I personally (and I’m sure many others here) took a chance investing in NuShares because I believe in the team and our ability to come up with solutions. When faced with adversity we always seem to find a way. While a catastrophic event that wipes out our equity through dilution is always possible, I don’t believe it will really happen.

However, other investors outside our community don’t have that same familiarity and level of trust with our team and shareholders. Before investing, they want to be able to assess the risks and if there is no way to do that because there are no predictable rules about supply, they will most likely deem us too risky and pass on NuShares.
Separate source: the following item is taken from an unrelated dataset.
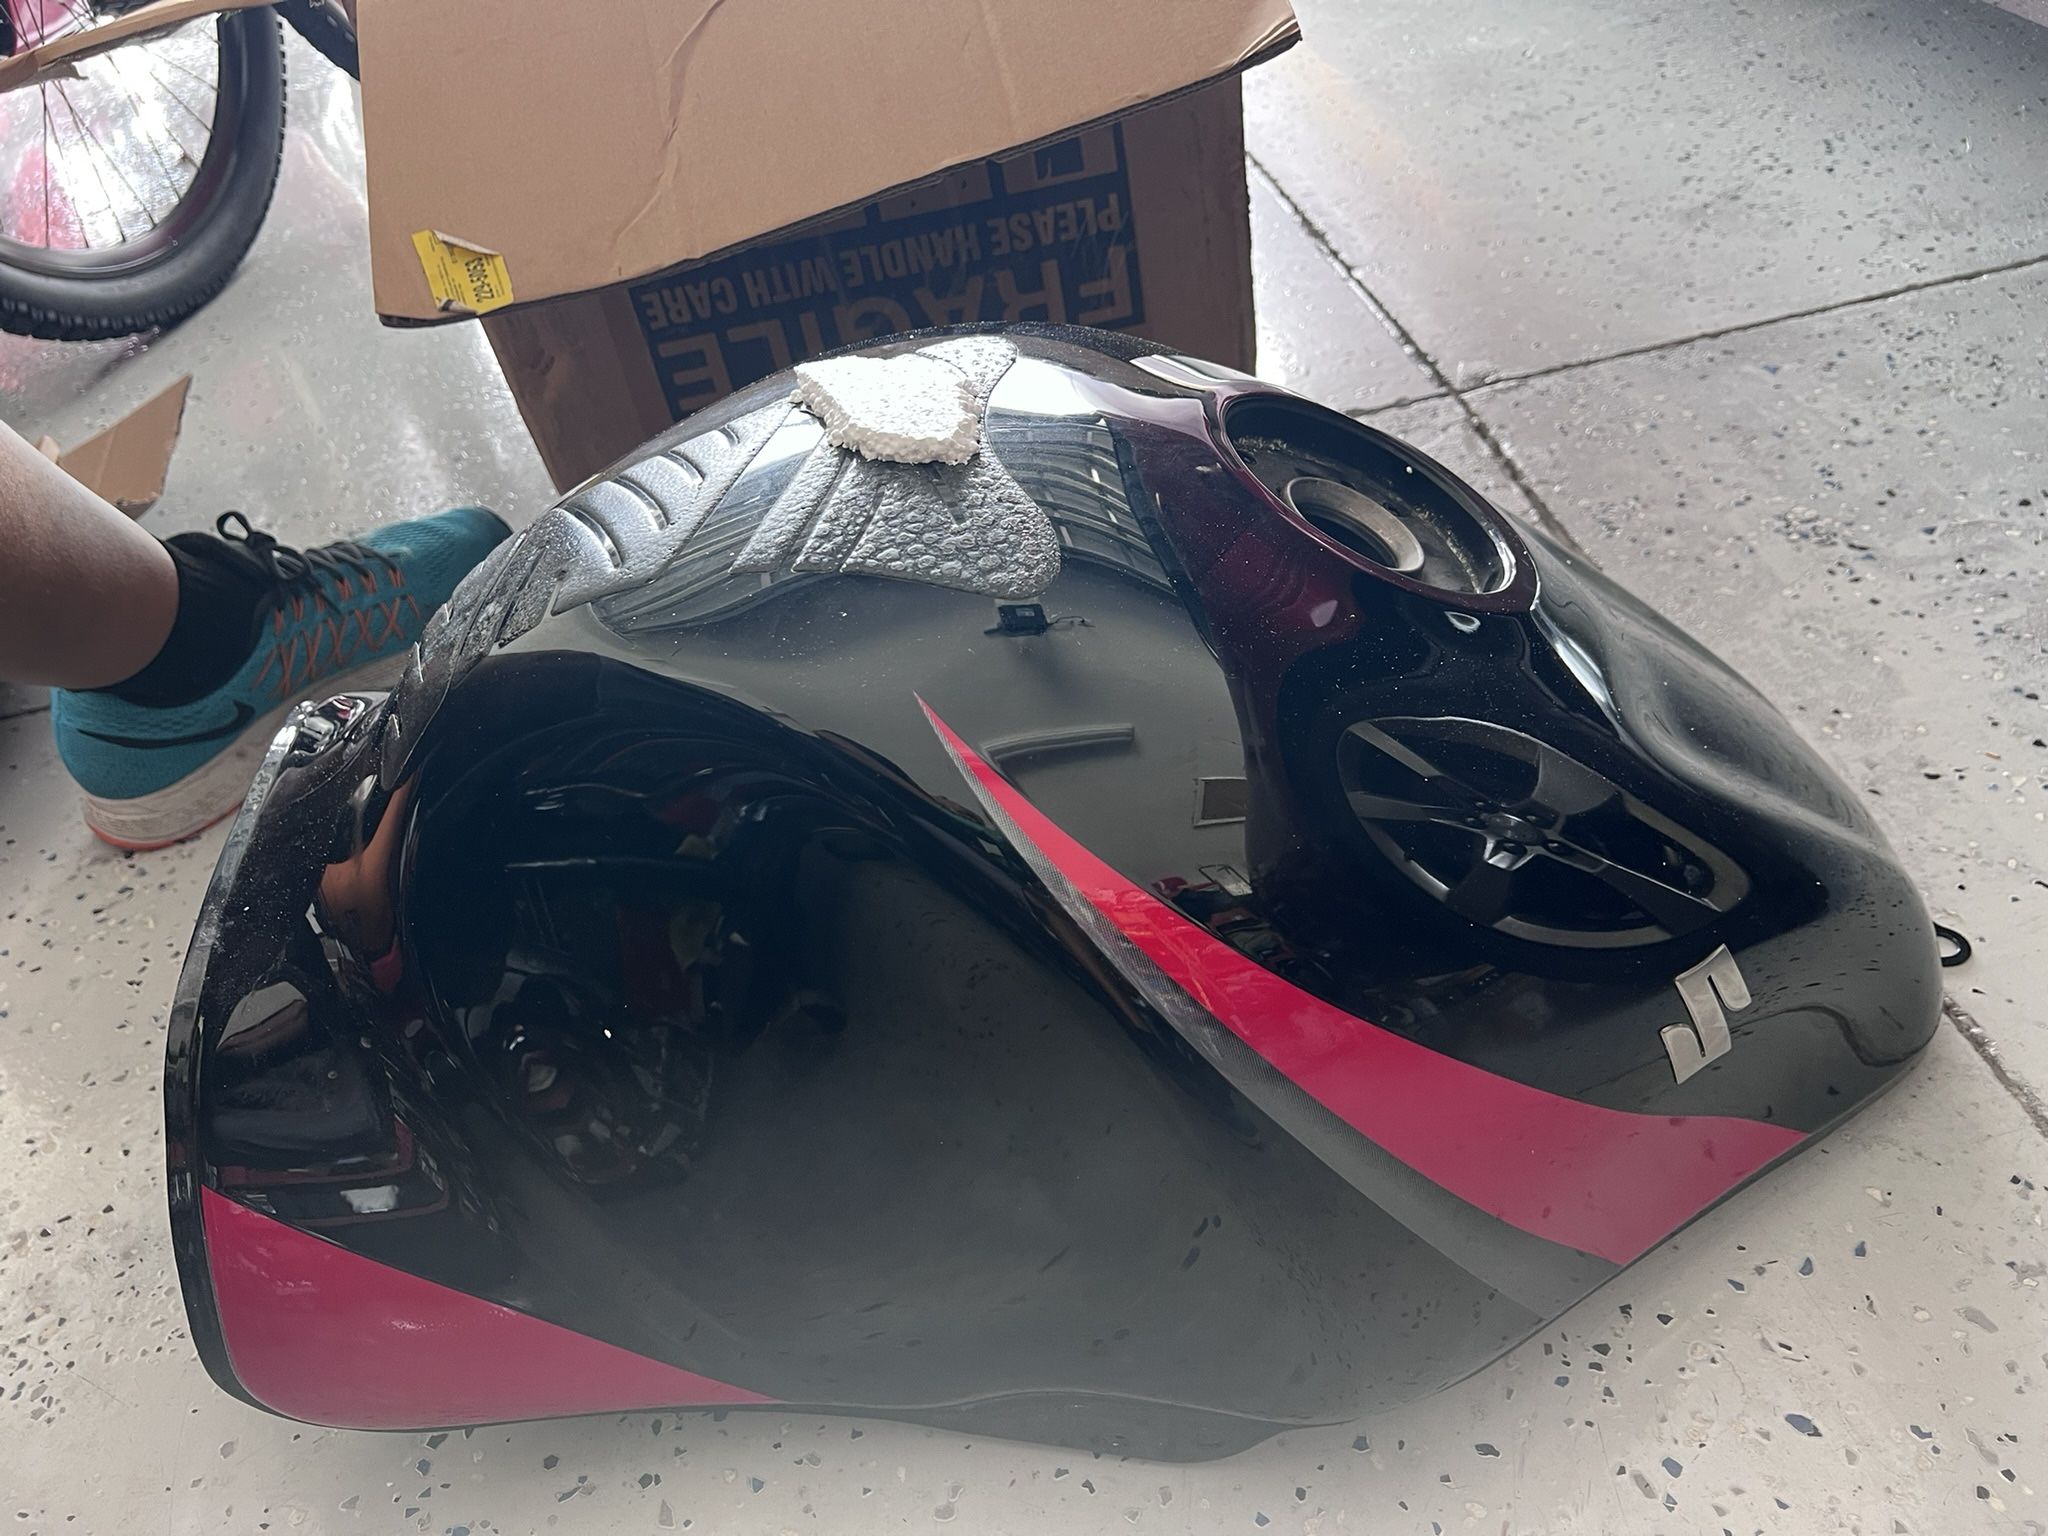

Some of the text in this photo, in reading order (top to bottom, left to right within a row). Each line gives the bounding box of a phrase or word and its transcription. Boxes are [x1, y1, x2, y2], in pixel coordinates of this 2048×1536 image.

[642, 193, 1118, 330] PLEASE HANDLE WITH CARE
I think a comprehensive model like @Nagalim linked above is very important for gauging the health of the network, knowing when to activate parking rates and when to sell NuShares. A model like this adds some predictability to the NuShares supply because it lets investors know the rules that govern NuShare sales, but the final supply is still left too open ended for them to make a proper judgement, therefore they price in that extreme dilution risk when they may not need to.

At the same time I understand what Nagalim means when he says a NuShare grant would just override any motion we pass. A motion limiting NuShares seems pointless when it can just be overridden like that. Maybe it’s best to pass a motion saying that it is the “intent” of shareholders not to break this limit and that we will use any and all methods available to us to support the peg and further dilution can only occur by the will of shareholders, similar to what Nagalim said above (though I think an official number or percentage is easier to point people to).

@tomjoad, do you think a motion expressing intent to limit NuShares is enough to sway investors, even though there is a possibility we can override it if we run out of options? Will something like intent hold weight with investors or is the only way to build a hard limit directly into the protocol where even shareholders can’t vote for more shares once the limit is hit?


I think this summarizes my position accurately, thank you for your thoughtful comments @Sentinelrv. I also don’t think a catastrophic event is very likely either.

Yes, that would satisfy my concern, but it’s worth pointing out that would invalidate the 25% buy-side liquidity rule in place in Jordan Lee’s motion.

From a marketing perspective, if our network can say that the maximum NSR supply is (circulating supply + maximum XX% in emergencies), that is far superior to (circulating supply + 25 million + whatever amount is required to hit 25% buy-side liquidity, depending on the impact on NSR price). It also reduces potential negative PR, as shareholders can rightfully point out that they only promised to dilute their shares to a capped amount. Any amount diluted past this cap would be an act of generosity or self-preservation from shareholders.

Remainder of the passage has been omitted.